TASK DETAILS:
Omitting the pictures, print every line below exactly as it stands.

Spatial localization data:
== Segment start ==

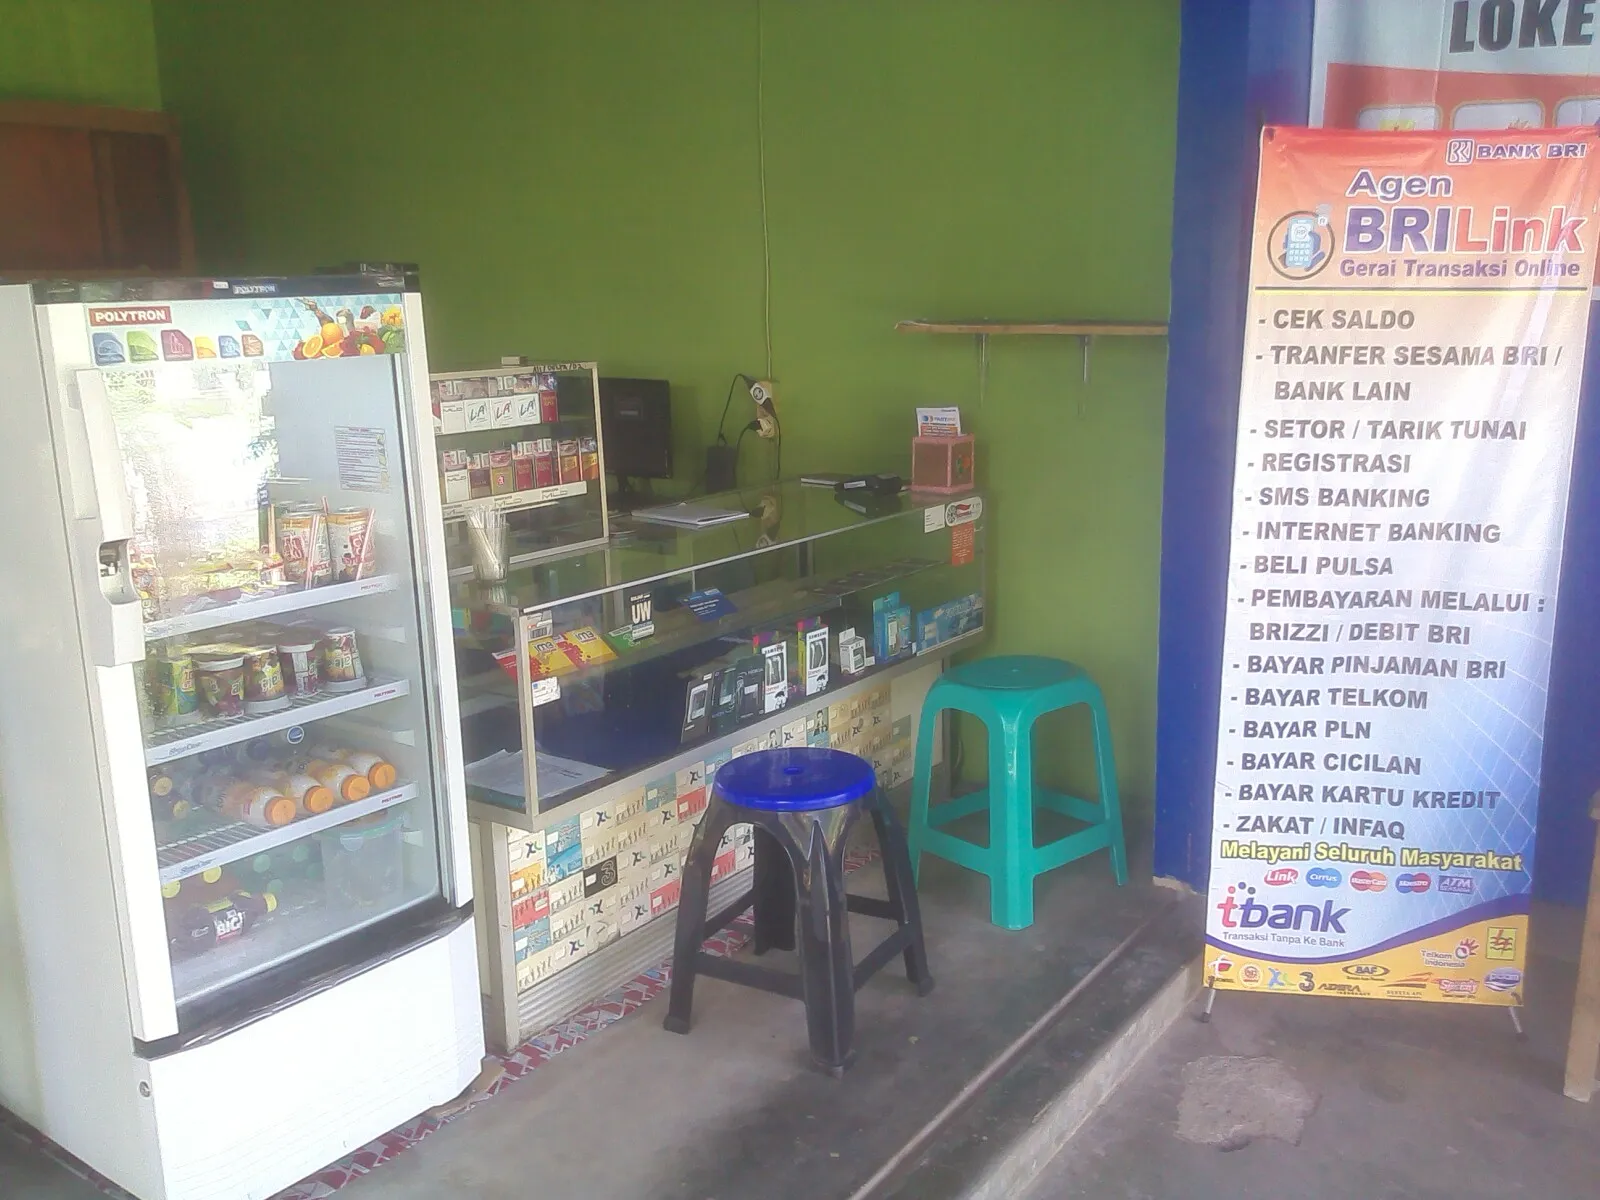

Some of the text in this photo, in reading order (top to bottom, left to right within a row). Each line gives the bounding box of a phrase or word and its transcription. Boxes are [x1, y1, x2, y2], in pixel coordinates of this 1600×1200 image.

[1477, 145, 1539, 159] BANK
[1547, 143, 1587, 158] BRI
[1347, 171, 1452, 201] Agen
[1344, 206, 1586, 254] BRILink
[1340, 260, 1580, 277] Gerai Transaksi Online
[95, 310, 167, 323] POLYTRON
[1273, 310, 1323, 329] CEK
[1332, 310, 1415, 329] SALDO
[1270, 346, 1385, 365] TRANFER
[1393, 346, 1494, 365] SESAMA
[1502, 346, 1547, 365] BRI
[1274, 382, 1411, 401] BANK LAIN
[1264, 420, 1345, 439] SETOR
[1368, 421, 1443, 439] TARIK
[1452, 421, 1526, 440] TUNAI
[1262, 453, 1410, 473] REGISTRASI
[1259, 488, 1309, 506] SMS
[1318, 488, 1430, 507] BANKING
[1256, 522, 1381, 541] INTERNET
[1388, 523, 1501, 543] BANKING
[1254, 556, 1307, 574] BELI
[1316, 557, 1393, 576] PULSA
[1251, 590, 1412, 609] PEMBAYARAN
[1420, 591, 1529, 612] MELALUI
[1250, 623, 1328, 642] BRIZZI
[1349, 623, 1419, 642] DEBIT
[1428, 625, 1470, 645] BRI
[1248, 656, 1324, 675] BAYAR
[1331, 656, 1457, 678] PINJAMAN
[1466, 661, 1506, 679] BRI
[1245, 688, 1320, 706] BAYAR
[1328, 688, 1428, 709] TELKOM
[1243, 721, 1317, 738] BAYAR
[1325, 721, 1371, 739] PLN
[1242, 753, 1315, 770] BAYAR
[1324, 754, 1421, 775] CICILAN
[1239, 785, 1313, 802] BAYAR
[1322, 785, 1404, 806] KARTU
[1412, 790, 1501, 809] KREDIT
[1236, 816, 1314, 834] ZAKAT
[1333, 818, 1405, 840] INFAQ
[525, 841, 542, 859] XL
[1221, 840, 1522, 871] Melayani Seluruh Masyarakat
[601, 860, 616, 886] 3
[1442, 876, 1471, 887] ATM
[1223, 932, 1345, 947] Transaksi Tanpa Ke Bank
[1421, 951, 1452, 959] Telkom
[1425, 959, 1465, 967] Indonesia

== Segment end ==

OUTPUT OF THE TASK:
Some of the text in this photo, in reading order (top to bottom, left to right within a row). Each line gives the bounding box of a phrase or word and its transcription. Boxes are [x1, y1, x2, y2], in pixel coordinates of this 1600×1200 image.

[1477, 145, 1539, 159] BANK
[1547, 143, 1587, 158] BRI
[1347, 171, 1452, 201] Agen
[1344, 206, 1586, 254] BRILink
[1340, 260, 1580, 277] Gerai Transaksi Online
[95, 310, 167, 323] POLYTRON
[1273, 310, 1323, 329] CEK
[1332, 310, 1415, 329] SALDO
[1270, 346, 1385, 365] TRANFER
[1393, 346, 1494, 365] SESAMA
[1502, 346, 1547, 365] BRI
[1274, 382, 1411, 401] BANK LAIN
[1264, 420, 1345, 439] SETOR
[1368, 421, 1443, 439] TARIK
[1452, 421, 1526, 440] TUNAI
[1262, 453, 1410, 473] REGISTRASI
[1259, 488, 1309, 506] SMS
[1318, 488, 1430, 507] BANKING
[1256, 522, 1381, 541] INTERNET
[1388, 523, 1501, 543] BANKING
[1254, 556, 1307, 574] BELI
[1316, 557, 1393, 576] PULSA
[1251, 590, 1412, 609] PEMBAYARAN
[1420, 591, 1529, 612] MELALUI
[1250, 623, 1328, 642] BRIZZI
[1349, 623, 1419, 642] DEBIT
[1428, 625, 1470, 645] BRI
[1248, 656, 1324, 675] BAYAR
[1331, 656, 1457, 678] PINJAMAN
[1466, 661, 1506, 679] BRI
[1245, 688, 1320, 706] BAYAR
[1328, 688, 1428, 709] TELKOM
[1243, 721, 1317, 738] BAYAR
[1325, 721, 1371, 739] PLN
[1242, 753, 1315, 770] BAYAR
[1324, 754, 1421, 775] CICILAN
[1239, 785, 1313, 802] BAYAR
[1322, 785, 1404, 806] KARTU
[1412, 790, 1501, 809] KREDIT
[1236, 816, 1314, 834] ZAKAT
[1333, 818, 1405, 840] INFAQ
[525, 841, 542, 859] XL
[1221, 840, 1522, 871] Melayani Seluruh Masyarakat
[601, 860, 616, 886] 3
[1442, 876, 1471, 887] ATM
[1223, 932, 1345, 947] Transaksi Tanpa Ke Bank
[1421, 951, 1452, 959] Telkom
[1425, 959, 1465, 967] Indonesia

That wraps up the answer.